そして食堂に来た俺たち。軽食かと思ったら、花帆は炒飯。ルリちゃんはラーメンとガッツリ注文していた。

 

さやか「そんなに食べるんですか?」

 

花帆「え?量は普通盛りだよ?」

 

さやか「そうじゃなくて、もう完全な食事と言っていい量ですよ!?」

 

瑠璃乃「腹ペコなんだよ〜」

 

そして食べ始める2人。俺とさやかちゃんは苦笑い。

 

さやか「私も食べましょうか。肉まん買いましたし」

 

淳平「俺も野沢菜おやき買ったしな」

 

そして食べる俺たち。
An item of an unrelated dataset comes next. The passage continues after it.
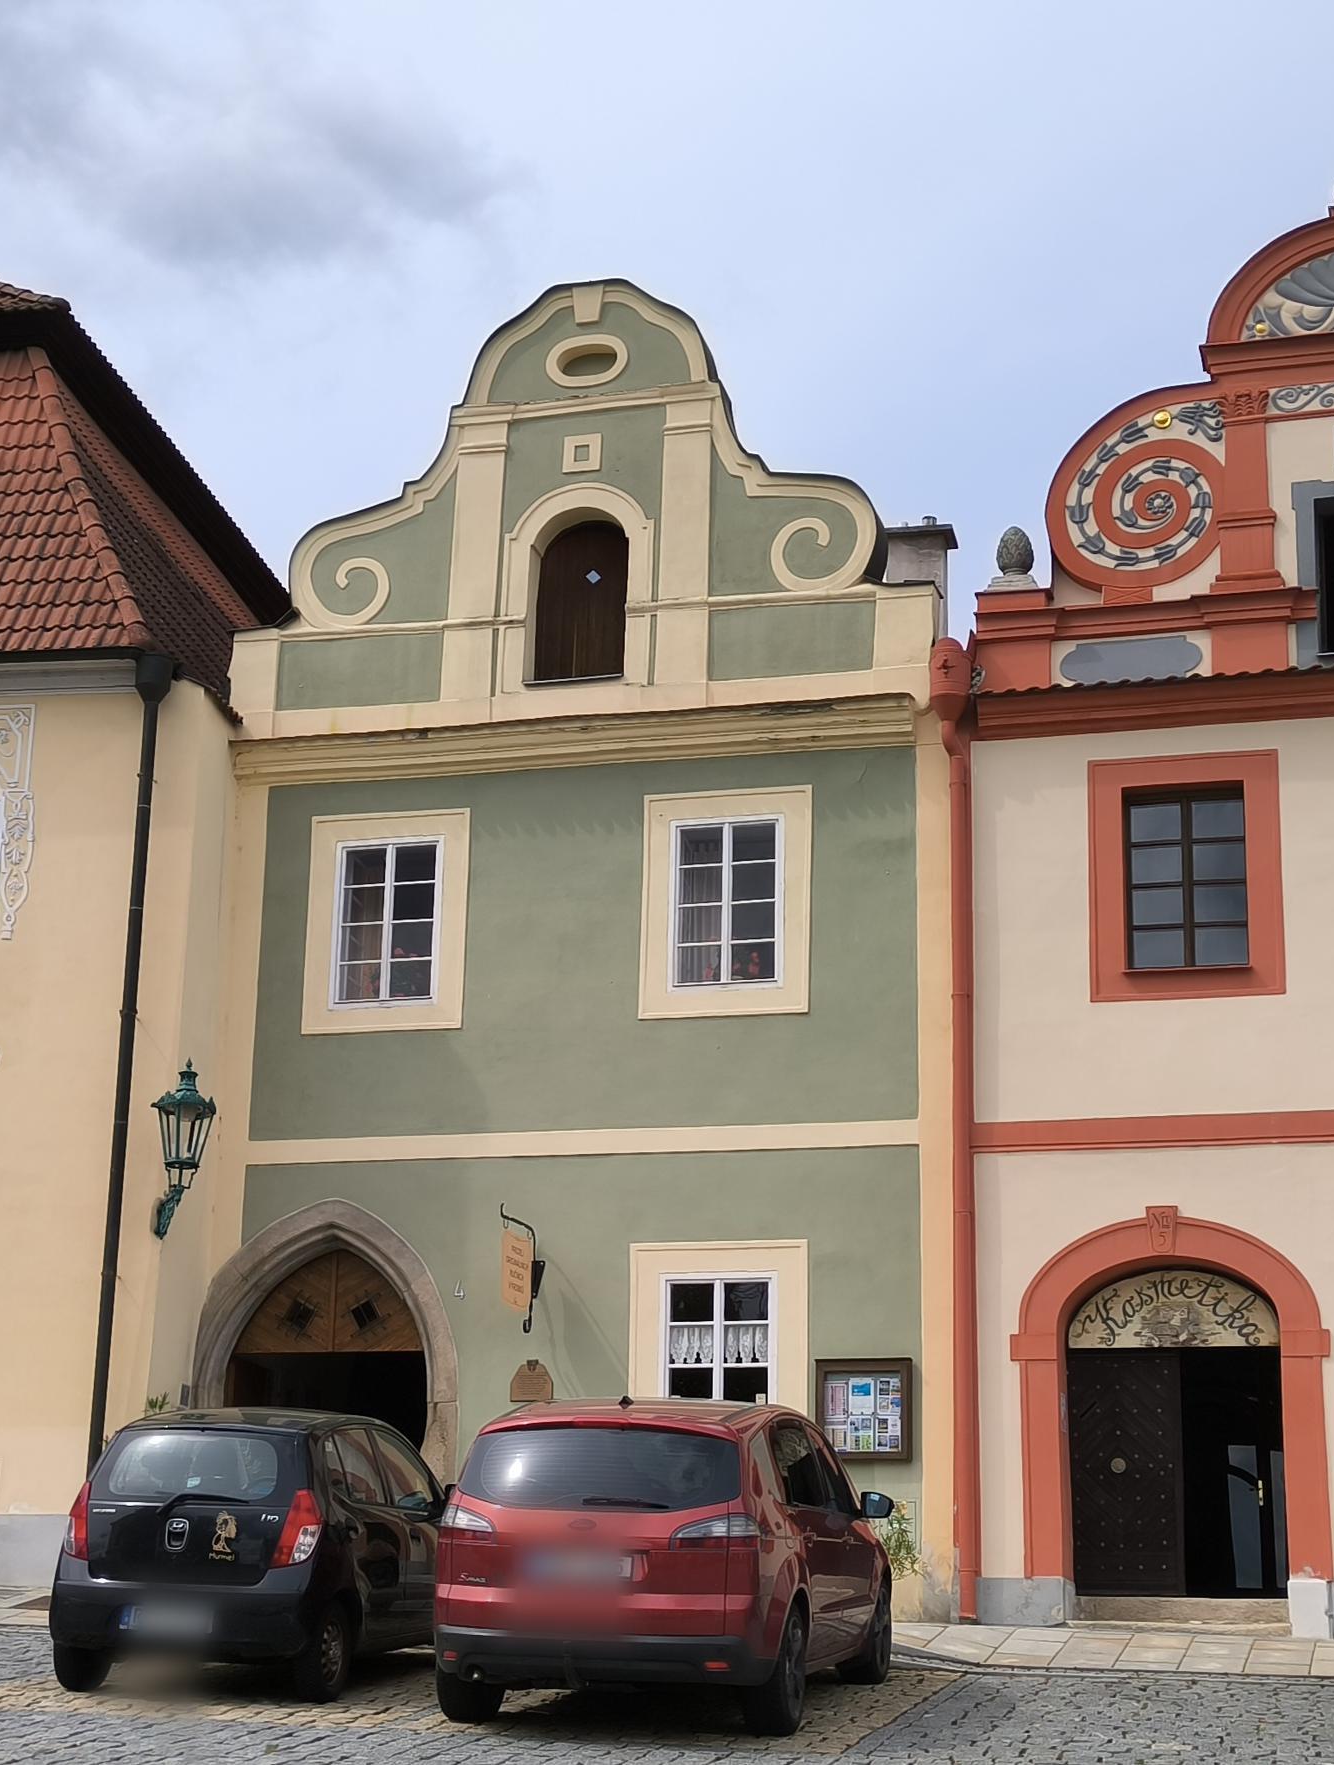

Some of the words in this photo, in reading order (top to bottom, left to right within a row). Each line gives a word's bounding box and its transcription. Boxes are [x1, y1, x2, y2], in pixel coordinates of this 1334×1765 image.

周りを見ると、他の生徒達も何人か休んでいた。

 

――すると、

 

先生「あっ、お前ら何食べてるんだ?」

 

淳平「先生……」

 

先生「決められた食事の時間以外で食べるのは……」

 

淳平「でも、しおりに買い食い禁止ってどこにも書いてませんでしたよ?」

 

さやか「たしかに書いてませんでした」

 

先生「うぐっ!?」

 

花帆「お腹すいたんだから良いじゃないですか〜!ごちそうさま!!」

 

瑠璃乃「ズズッ!ごっそさんでした!」

 

返却口にトレーと食器を置いて来る2人。

 

先生「た、たしかに書いてない……」

 

俺はしおりを先生に見せて「ルール」の欄を見せる。

 

淳平「書いて無ければ限度さえ守ればOKだと思いますよ……」

 

先生「じゃあ、今回は良いけど、次はやめてくれ。他の生徒達が真似すると……」

 

さやか「規律ですか?」

 

先生「それだ!!」

 

淳平「はぁ、分かりました……。じゃあみんな、お昼ごはんまでもう少し滑りに行くか?」

 

花帆・さやか・瑠璃乃「「「は〜い!!!」」」

 

そして、俺たちはゲレンデに戻っていった。

 

先生「日野下があんな事を言うとは……意外だったな……」

 

そして昼ごはんまで4人で滑り昼休み。みんなでご飯をいただくと、今度は1年生たちが一緒に滑りたいと言ってきた。

 

瑠璃乃「どぞどぞ!ルリたちはいっぱい一緒に滑ったから!」

 

花帆「吟子ちゃんたちもこれを期に淳兄ぃともっと仲良くなってくれたら嬉しいかな。私たちと比べて一線引いてる気がしてたから」

 

吟子「いや、そりゃあ3年生だし……」

 

さやか「でも、梢先輩や綴理先輩たちとの関わり方とは違いまよね?」

 

吟子「そ、それは……」

 

小鈴「淳平先輩は、徒町たちにとって優しいお兄ちゃんって感じがして、いざ先輩だって思うと、逆に意識してしまうんです」

 

姫芽「そです〜。アタシはお姉ちゃんいますけど、お兄ちゃんがいたらこんな感じなのかな〜?って」

 

吟子「だからちょっと……緊張しちゃって。でも、北陸地区予選前だし、淳平先輩とももっとキョリをちぢめたいなと思い……ダメでしたか?」

 

淳平「いや、うれしいよ。じゃあ行こうか?3人とも、行ってくる」

 

花帆「は〜い!」

 

さやか「お気をつけて」

 

瑠璃乃「話聞かせてね〜?」

 

そして、2日目の午後、1年生たちと共にゲレンデに向かった。